## Assignment
With images excluded, write out each entry below exactly as given.

#### Working data

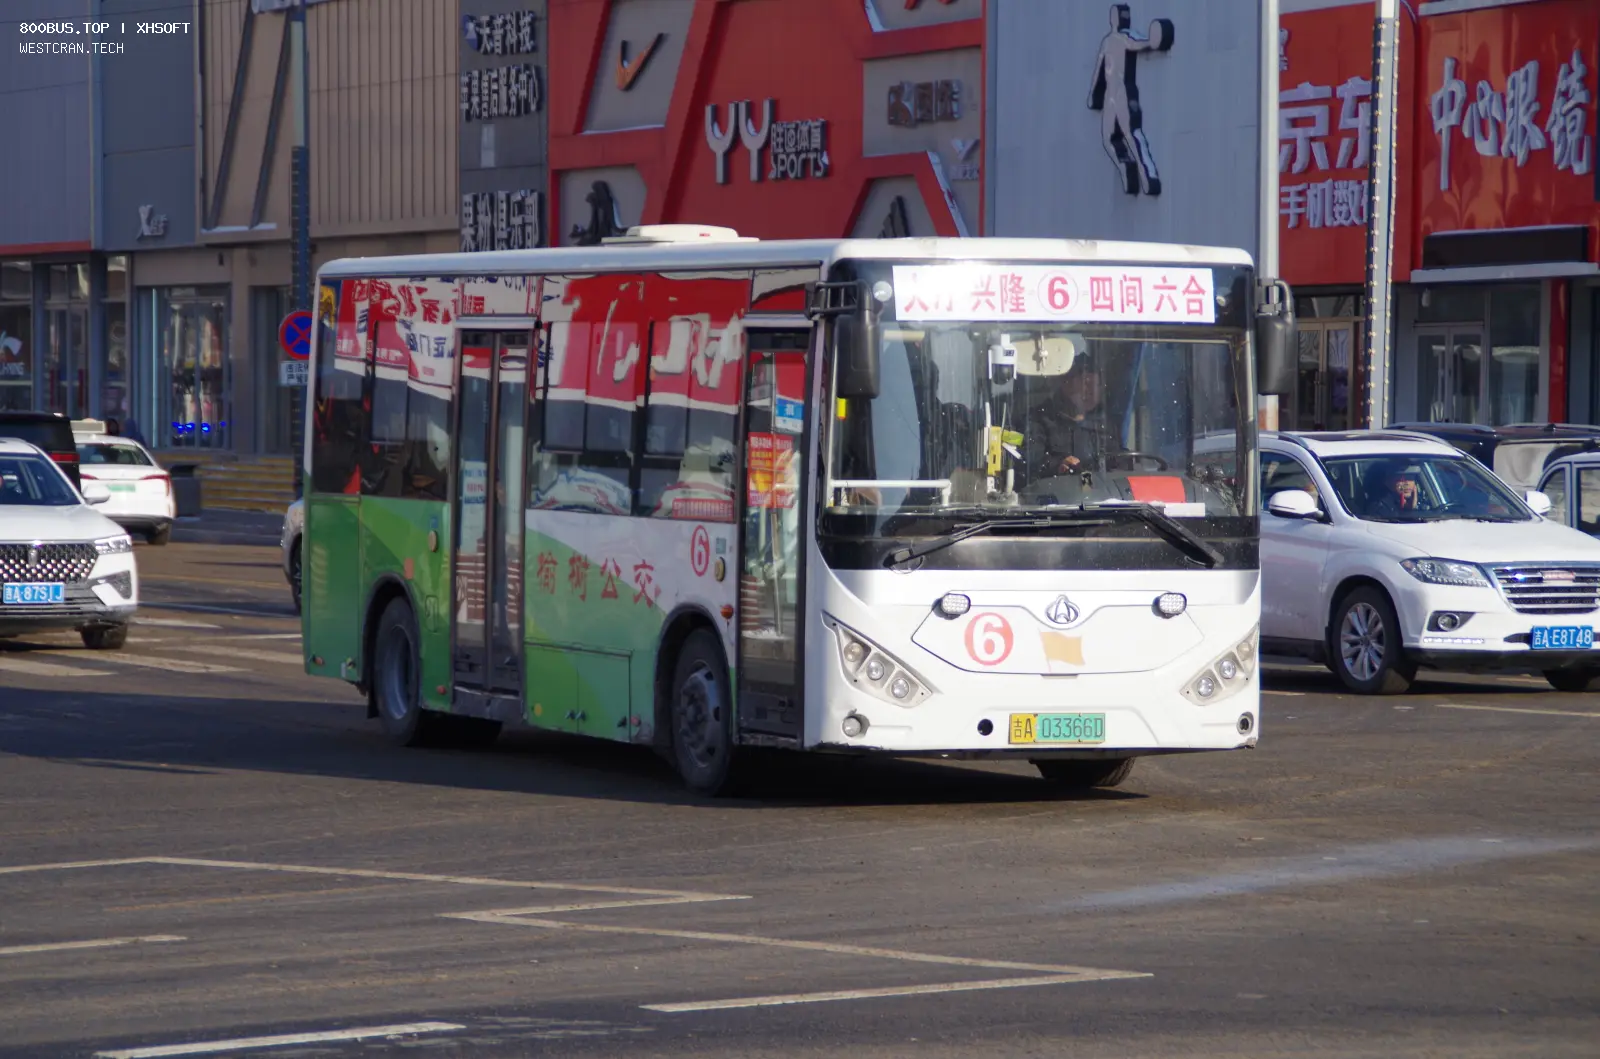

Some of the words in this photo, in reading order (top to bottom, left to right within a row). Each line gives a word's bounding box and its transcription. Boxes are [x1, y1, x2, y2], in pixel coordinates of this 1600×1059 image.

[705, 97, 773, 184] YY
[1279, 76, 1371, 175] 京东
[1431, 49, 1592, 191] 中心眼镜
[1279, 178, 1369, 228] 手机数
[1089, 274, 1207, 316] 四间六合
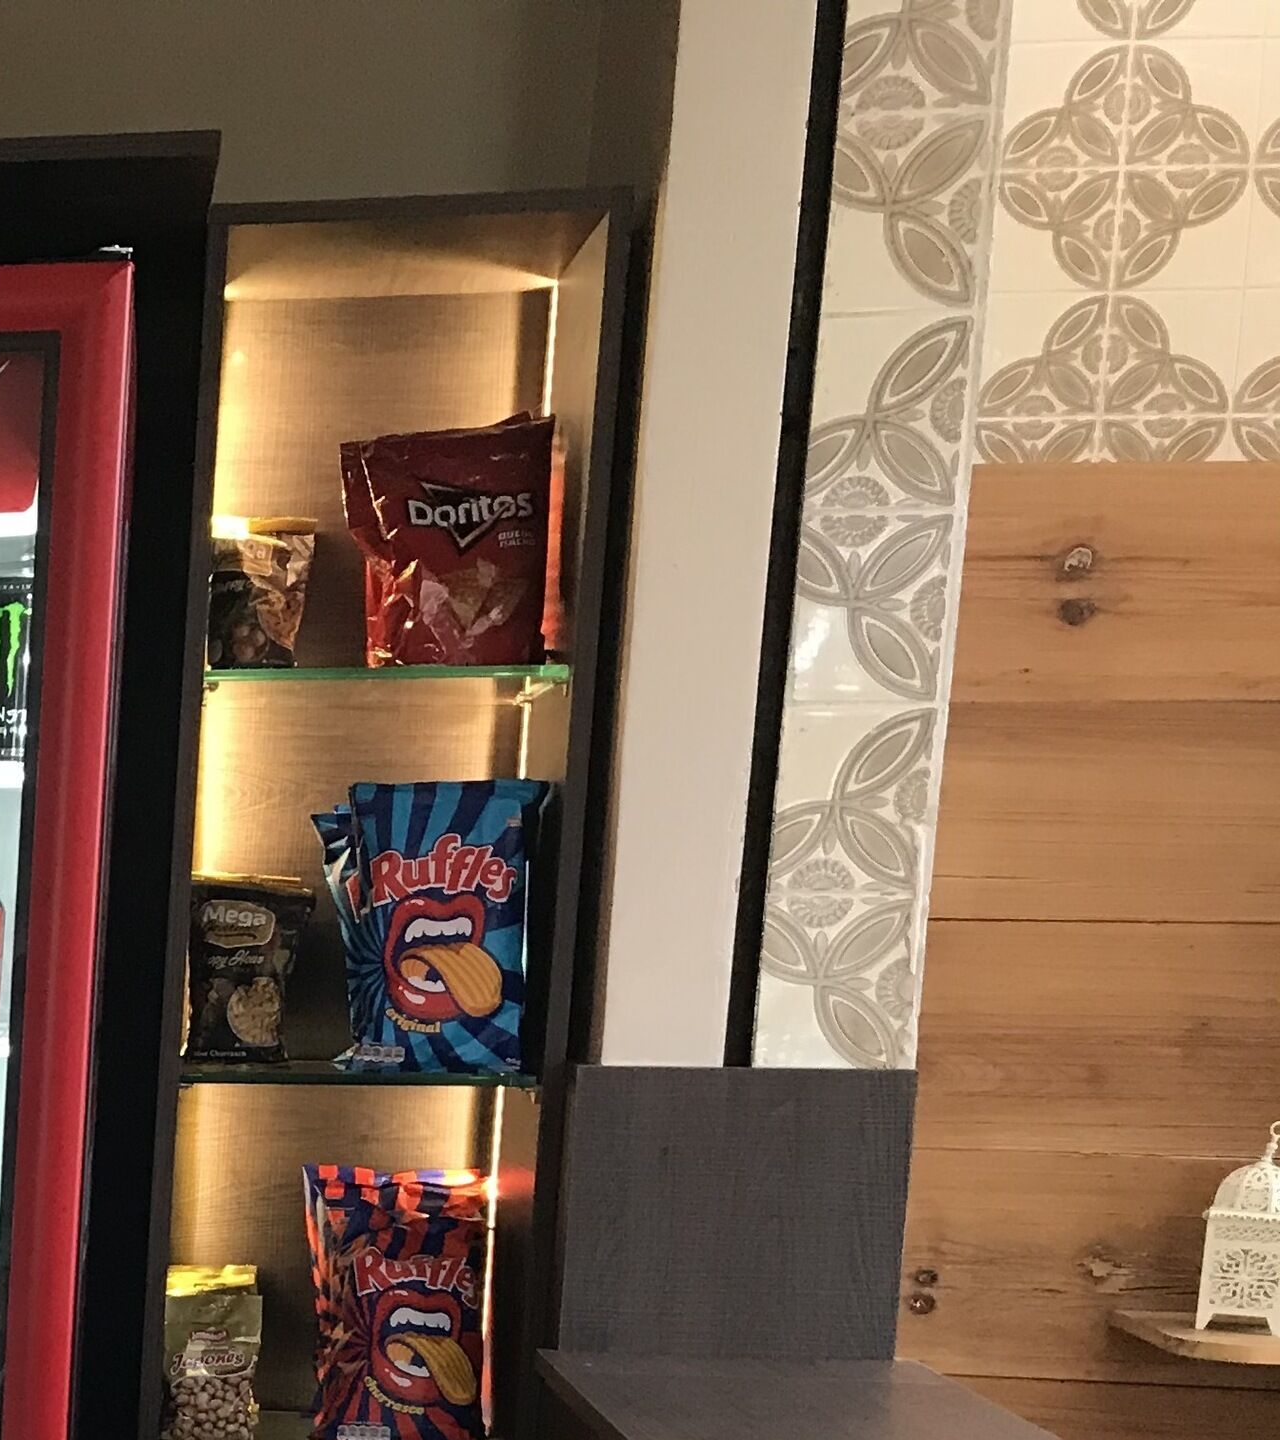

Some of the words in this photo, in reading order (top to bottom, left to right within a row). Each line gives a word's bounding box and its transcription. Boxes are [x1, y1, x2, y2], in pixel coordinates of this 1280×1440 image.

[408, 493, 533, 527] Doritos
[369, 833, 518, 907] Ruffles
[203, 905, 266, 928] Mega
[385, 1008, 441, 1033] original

########

## Expected answer
Some of the words in this photo, in reading order (top to bottom, left to right within a row). Each line gives a word's bounding box and its transcription. Boxes are [x1, y1, x2, y2], in pixel coordinates of this 1600×1059 image.

[705, 97, 773, 184] YY
[1279, 76, 1371, 175] 京东
[1431, 49, 1592, 191] 中心眼镜
[1279, 178, 1369, 228] 手机数
[1089, 274, 1207, 316] 四间六合

Some of the words in this photo, in reading order (top to bottom, left to right within a row). Each line gives a word's bounding box and its transcription. Boxes are [x1, y1, x2, y2], in pixel coordinates of this 1280×1440 image.

[408, 493, 533, 527] Doritos
[369, 833, 518, 907] Ruffles
[203, 905, 266, 928] Mega
[385, 1008, 441, 1033] original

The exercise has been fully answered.